WORK ORDER:
Copy out the entries exactly, and wherever a picture appears, leave it out.

THE DATA:
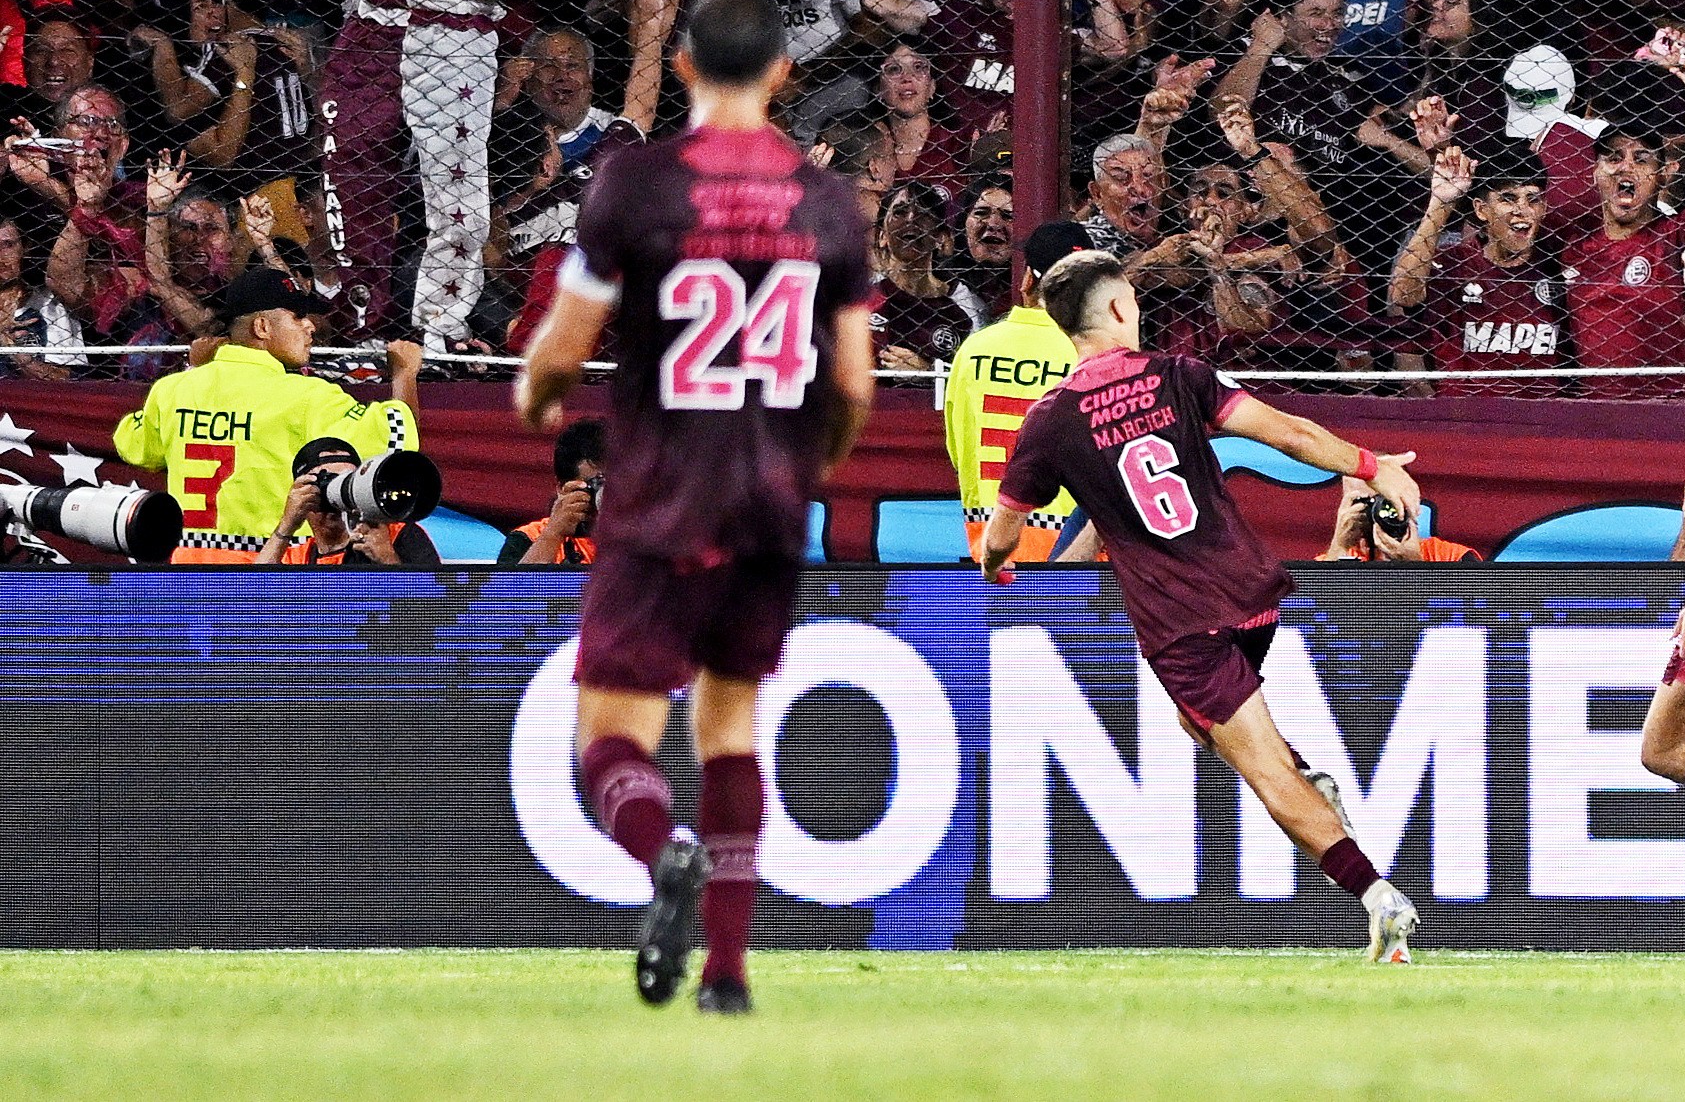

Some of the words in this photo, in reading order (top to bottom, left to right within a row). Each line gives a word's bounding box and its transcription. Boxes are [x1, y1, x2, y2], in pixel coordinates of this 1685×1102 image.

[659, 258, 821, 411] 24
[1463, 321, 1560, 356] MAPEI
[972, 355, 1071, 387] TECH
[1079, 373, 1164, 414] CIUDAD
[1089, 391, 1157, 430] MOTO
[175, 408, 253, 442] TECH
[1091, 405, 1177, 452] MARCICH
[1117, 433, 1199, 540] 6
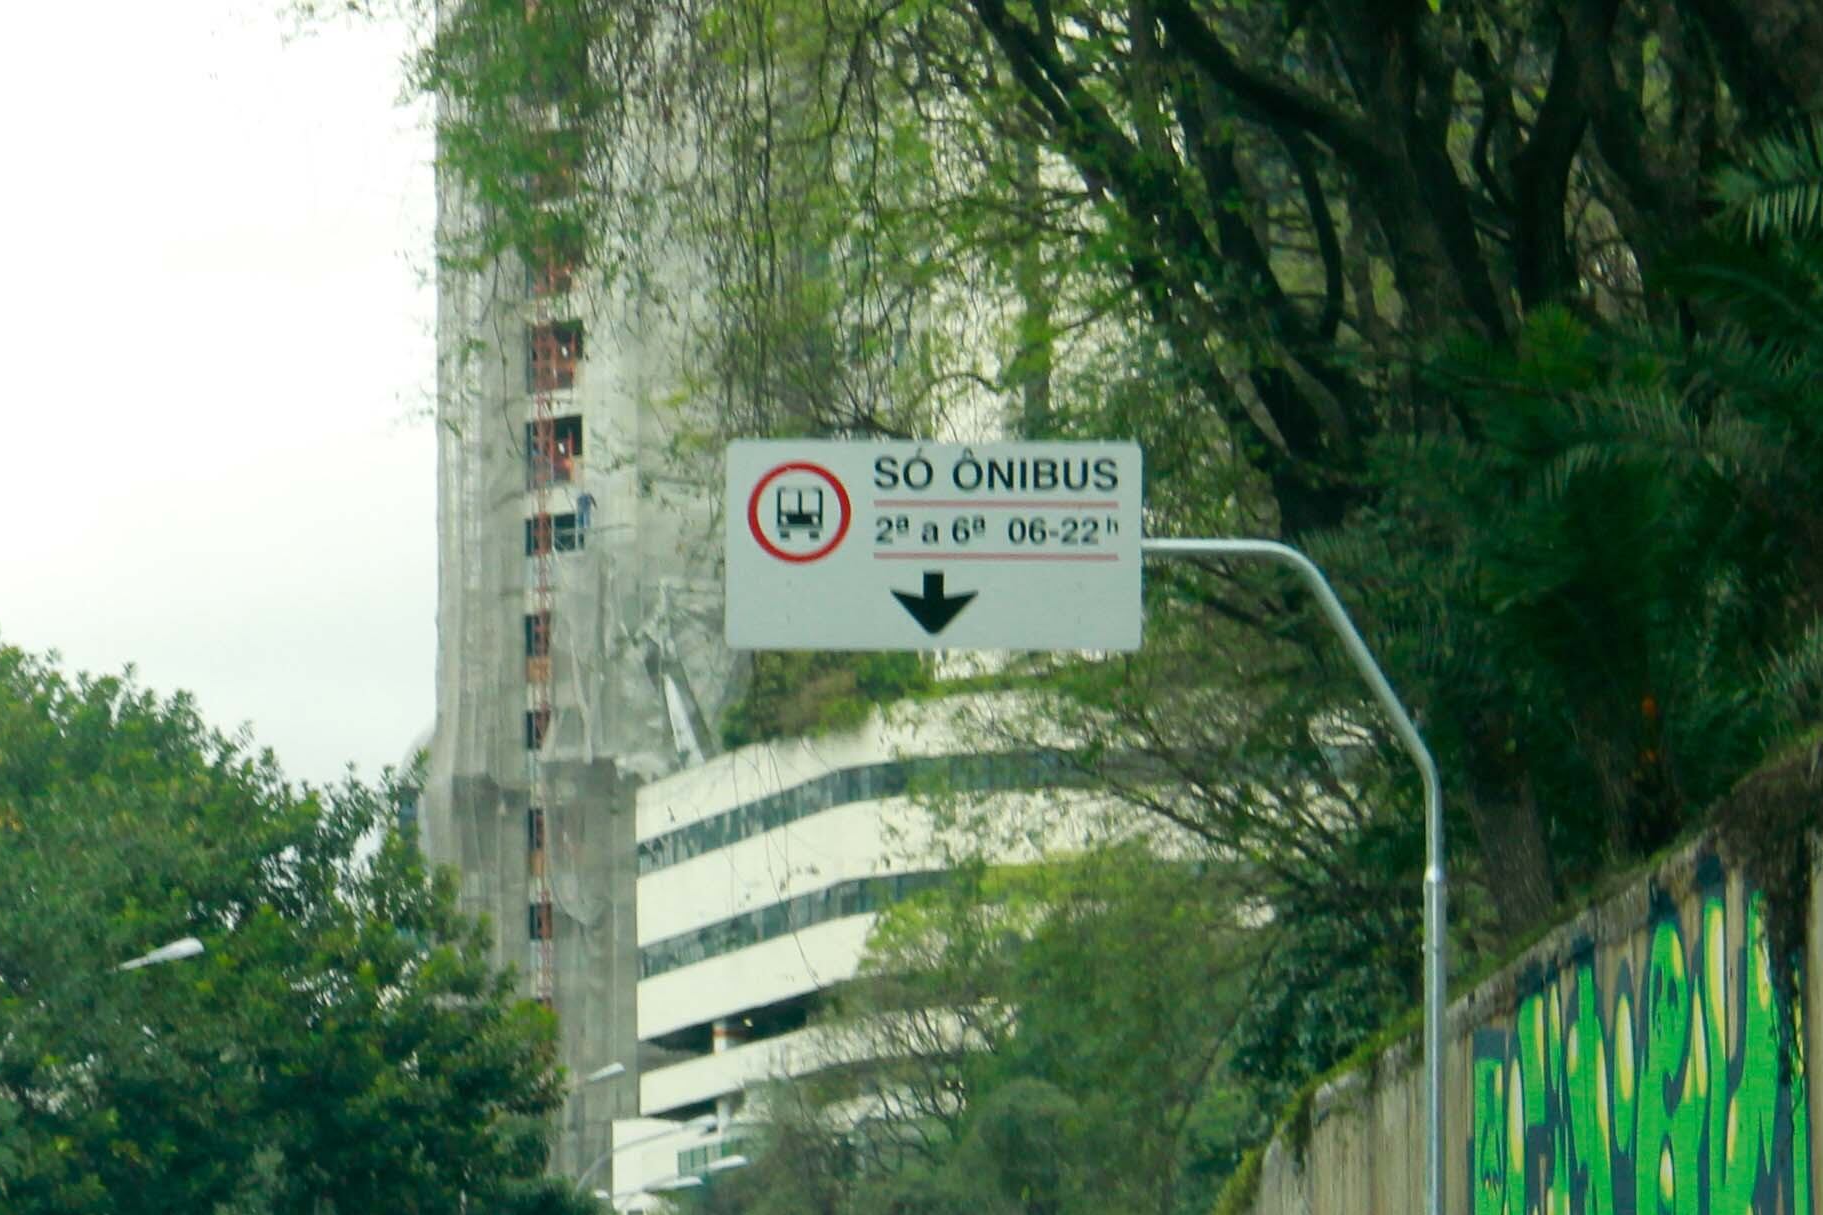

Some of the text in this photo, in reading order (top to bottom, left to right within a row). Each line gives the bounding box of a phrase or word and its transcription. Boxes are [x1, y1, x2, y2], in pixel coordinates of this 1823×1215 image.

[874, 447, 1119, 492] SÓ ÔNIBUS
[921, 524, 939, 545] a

REPLY TO THE TASK:
Some of the words in this photo, in reading order (top to bottom, left to right within a row). Each line gives a word's bounding box and its transcription. Boxes are [x1, y1, x2, y2], in pixel coordinates of this 1685×1102 image.

[659, 258, 821, 411] 24
[1463, 321, 1560, 356] MAPEI
[972, 355, 1071, 387] TECH
[1079, 373, 1164, 414] CIUDAD
[1089, 391, 1157, 430] MOTO
[175, 408, 253, 442] TECH
[1091, 405, 1177, 452] MARCICH
[1117, 433, 1199, 540] 6

Some of the text in this photo, in reading order (top to bottom, left to right within a row). Each line gives the bounding box of a phrase or word and its transcription. Boxes are [x1, y1, x2, y2], in pixel coordinates of this 1823×1215 image.

[874, 447, 1119, 492] SÓ ÔNIBUS
[921, 524, 939, 545] a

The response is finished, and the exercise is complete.